Further, cows eating contaminated feed will
produce milk containing the slightly modified
aflatoxins M (Scudamore, 1994). Because of their
ubiquity and extreme toxicity, aflatoxins must
be considered the most important food-borne
mycotoxins worldwide. The biosynthetic pathways
of aflatoxins are well characterized (Klich &
Cleveland, 2000). The mycotoxin sterigmatocystin,
produced by various Aspergillus spp., is a
precursor of aflatoxin and is also carcinogenic,
although it is comparatively rare in food and
feed (Moss, 1994). The production of secondary
metabolites usually occurs only when vegetative
growth has ceased and when conidium formation
ensues; the regulatory mechanisms coupling
conidiation with secondary metabolism are
beginning to be unravelled for A. nidulans
(Adams & Yu, 1998).
Ochratoxin A
This is a pentaketide/amino acid hybrid molecule
(Fig. 11.14d) which is produced by numerous
species of Aspergillus and Penicillium, especially
P. verrucosum, which is common on cereals in
temperate climates, and A. ochraceus and
A. carbonarius, which grow on the flesh of coffee
berries during drying. Coffee can, therefore, be
contaminated with ochratoxin A, but mercifully
much of it is destroyed during roasting (Viani,
2002). Ochratoxin A consumed with contaminated
cereals or meat has a long residence
time (half-life 35 days) in the human body.
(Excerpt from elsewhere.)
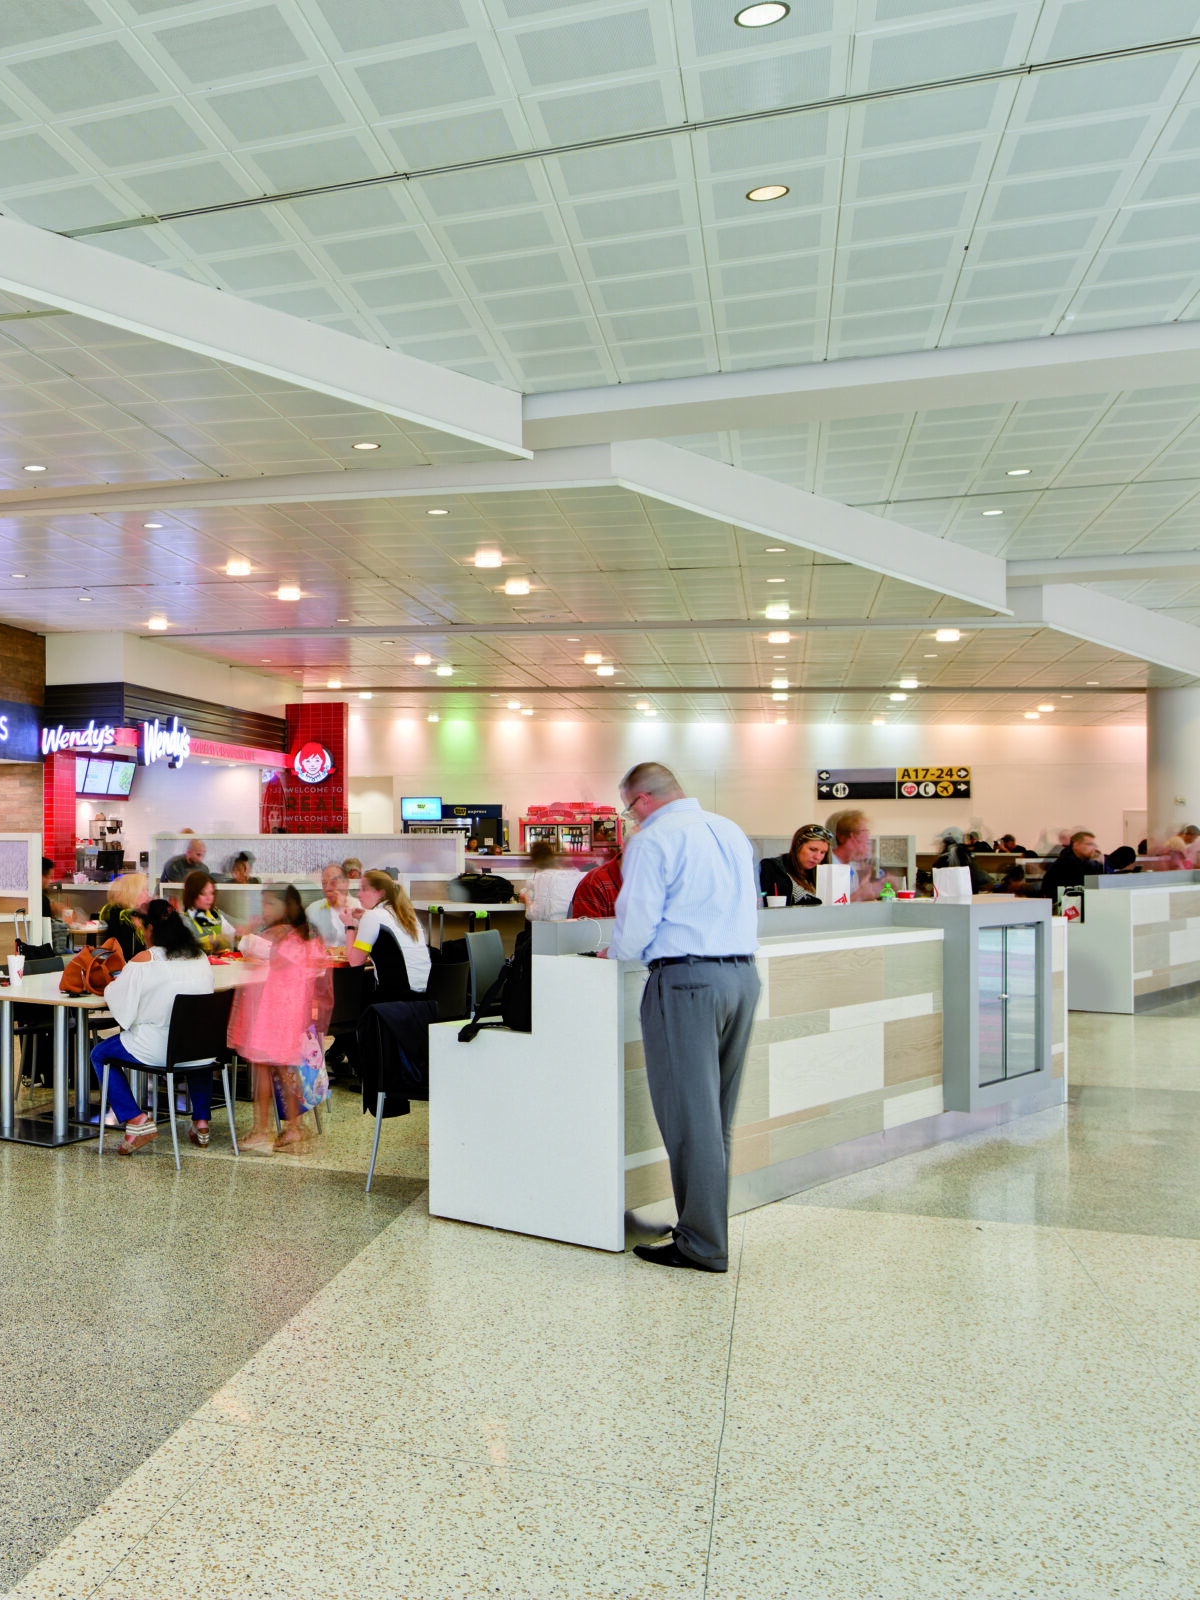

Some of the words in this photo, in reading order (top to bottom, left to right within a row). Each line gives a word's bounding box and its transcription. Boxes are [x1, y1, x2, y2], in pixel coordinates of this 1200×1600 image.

It is highly nephrotoxic and has been implicated
in a degenerative human kidney disorder
called ‘Balkan endemic nephropathy’; it is also
strongly suspected to cause cancer of the gall
bladder (Stoev, 1998; O’Brien & Dietrich, 2005).
Further, ochratoxin A causes a renal degenerative
disorder of farm animals, especially pigs. A
chemically closely related mycotoxin is citrinin.